MATERIAL PROVIDED:
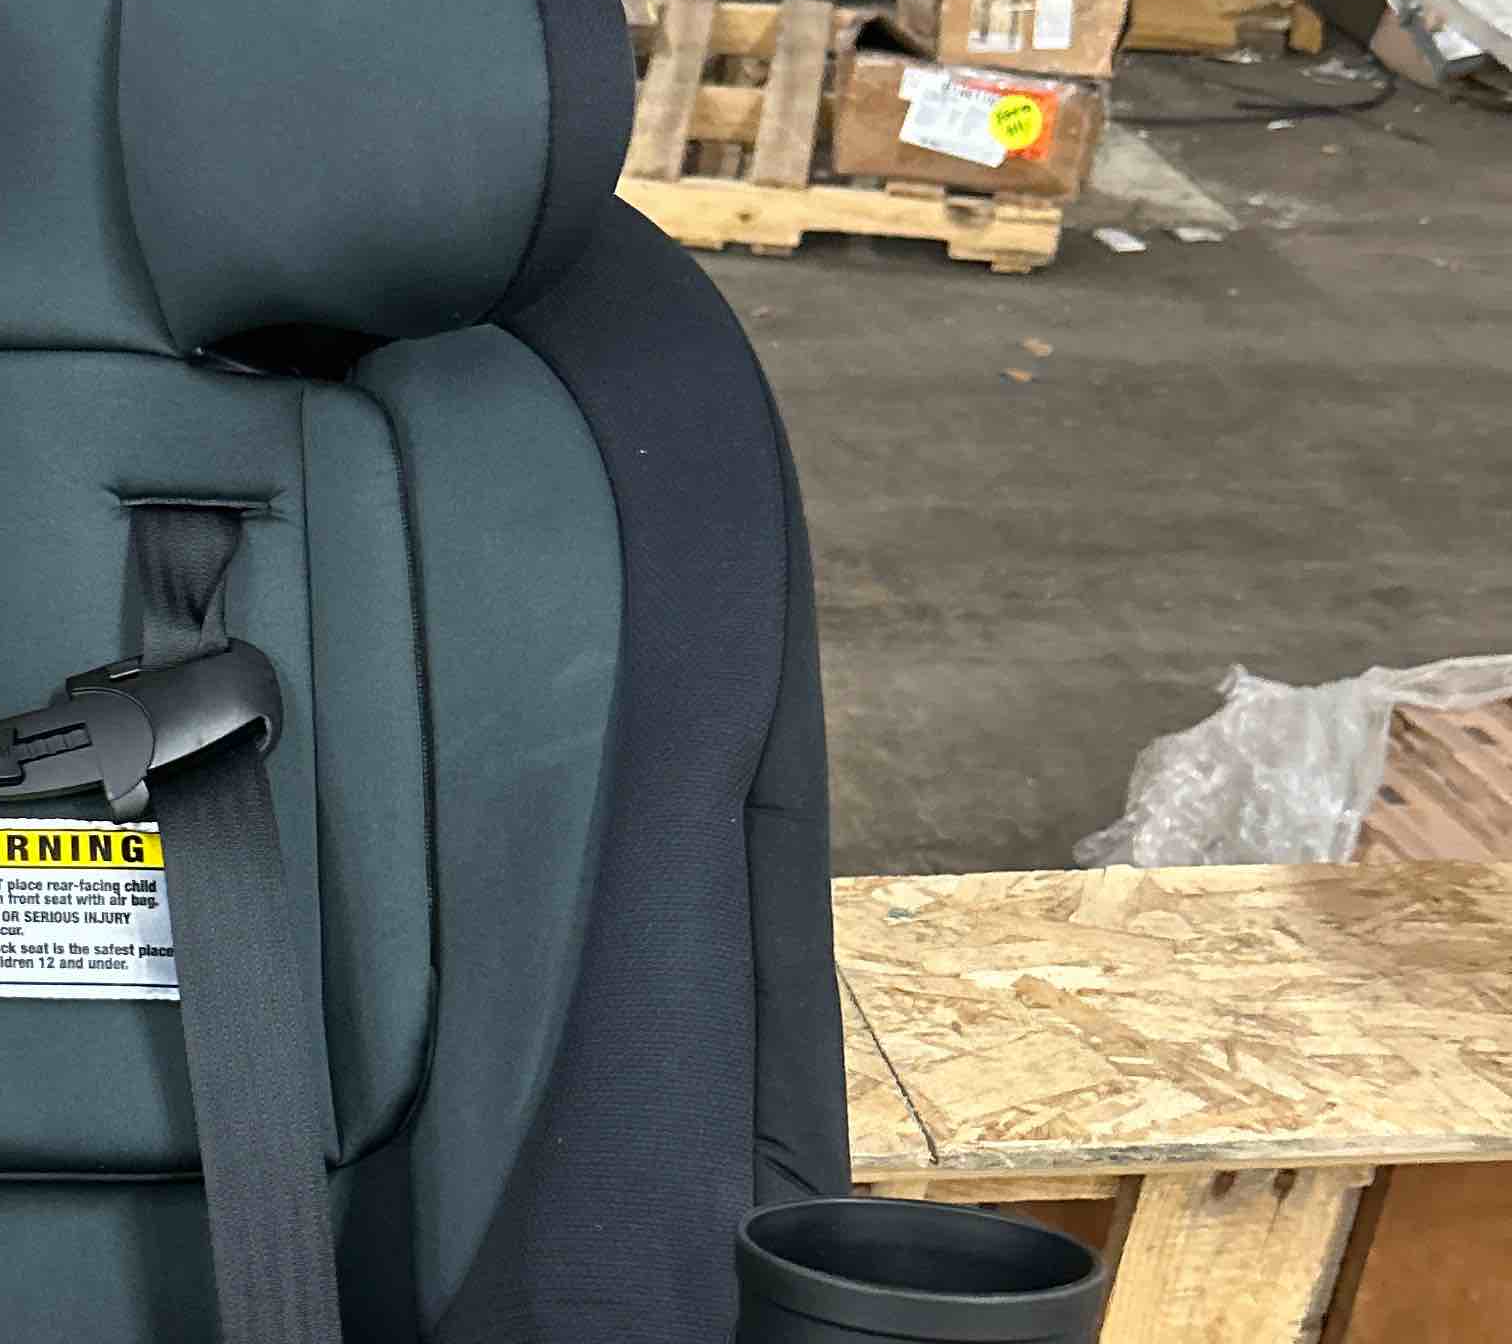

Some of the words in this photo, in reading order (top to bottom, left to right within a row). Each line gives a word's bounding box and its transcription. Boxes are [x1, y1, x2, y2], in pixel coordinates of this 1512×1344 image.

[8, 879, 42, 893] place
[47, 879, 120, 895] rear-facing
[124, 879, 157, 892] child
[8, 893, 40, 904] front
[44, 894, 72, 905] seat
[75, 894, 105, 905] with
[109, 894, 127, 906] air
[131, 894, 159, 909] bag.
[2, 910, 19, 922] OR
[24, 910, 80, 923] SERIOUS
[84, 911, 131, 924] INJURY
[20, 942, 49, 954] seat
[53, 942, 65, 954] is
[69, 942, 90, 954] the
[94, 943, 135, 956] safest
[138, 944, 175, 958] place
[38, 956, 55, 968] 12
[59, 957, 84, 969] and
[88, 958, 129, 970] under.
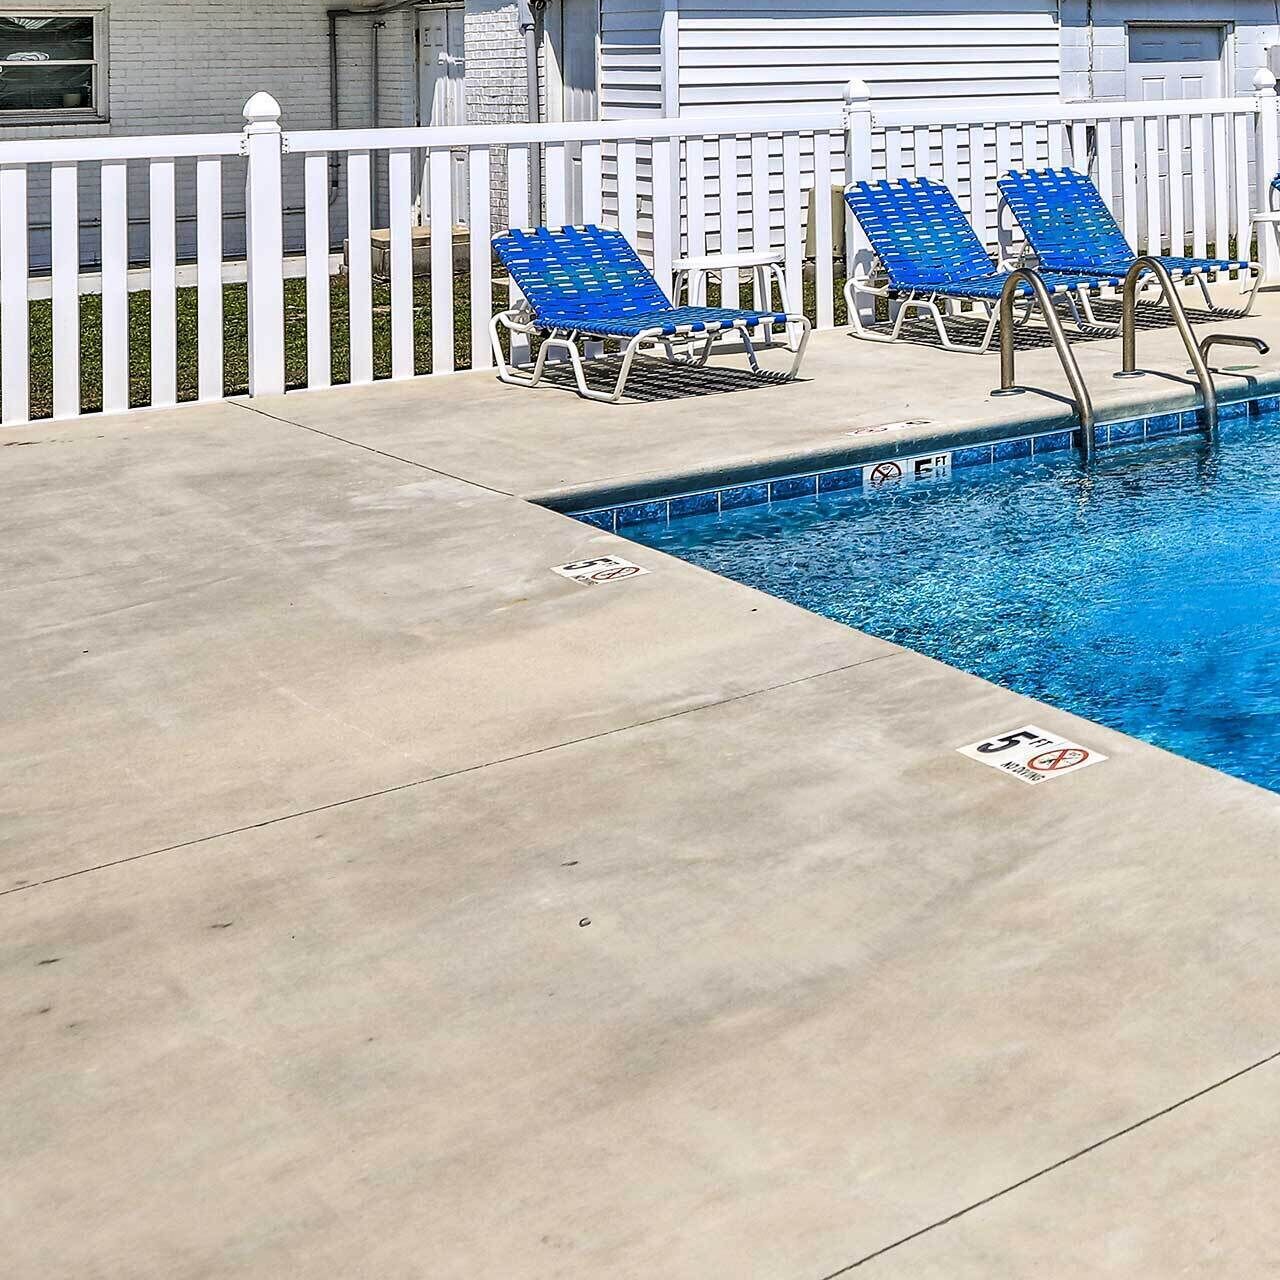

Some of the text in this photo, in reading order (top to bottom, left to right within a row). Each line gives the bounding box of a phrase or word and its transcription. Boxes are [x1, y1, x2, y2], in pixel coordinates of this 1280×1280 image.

ACTION ITEM:
Retype the data word for word, please, and keep the images out.

RESULT OF THIS TASK:
Some of the words in this photo, in reading order (top to bottom, left to right within a row). Each line gives a word's bounding box and its transcription. Boxes are [x1, y1, x2, y2], in pixel coordinates of this 1512×1344 image.

[8, 879, 42, 893] place
[47, 879, 120, 895] rear-facing
[124, 879, 157, 892] child
[8, 893, 40, 904] front
[44, 894, 72, 905] seat
[75, 894, 105, 905] with
[109, 894, 127, 906] air
[131, 894, 159, 909] bag.
[2, 910, 19, 922] OR
[24, 910, 80, 923] SERIOUS
[84, 911, 131, 924] INJURY
[20, 942, 49, 954] seat
[53, 942, 65, 954] is
[69, 942, 90, 954] the
[94, 943, 135, 956] safest
[138, 944, 175, 958] place
[38, 956, 55, 968] 12
[59, 957, 84, 969] and
[88, 958, 129, 970] under.

Some of the text in this photo, in reading order (top to bottom, left to right within a row). Each line gives the bounding box of a phrase or word and its transcription. Boxes are [x1, y1, x2, y2], in pixel coordinates of this 1280×1280 image.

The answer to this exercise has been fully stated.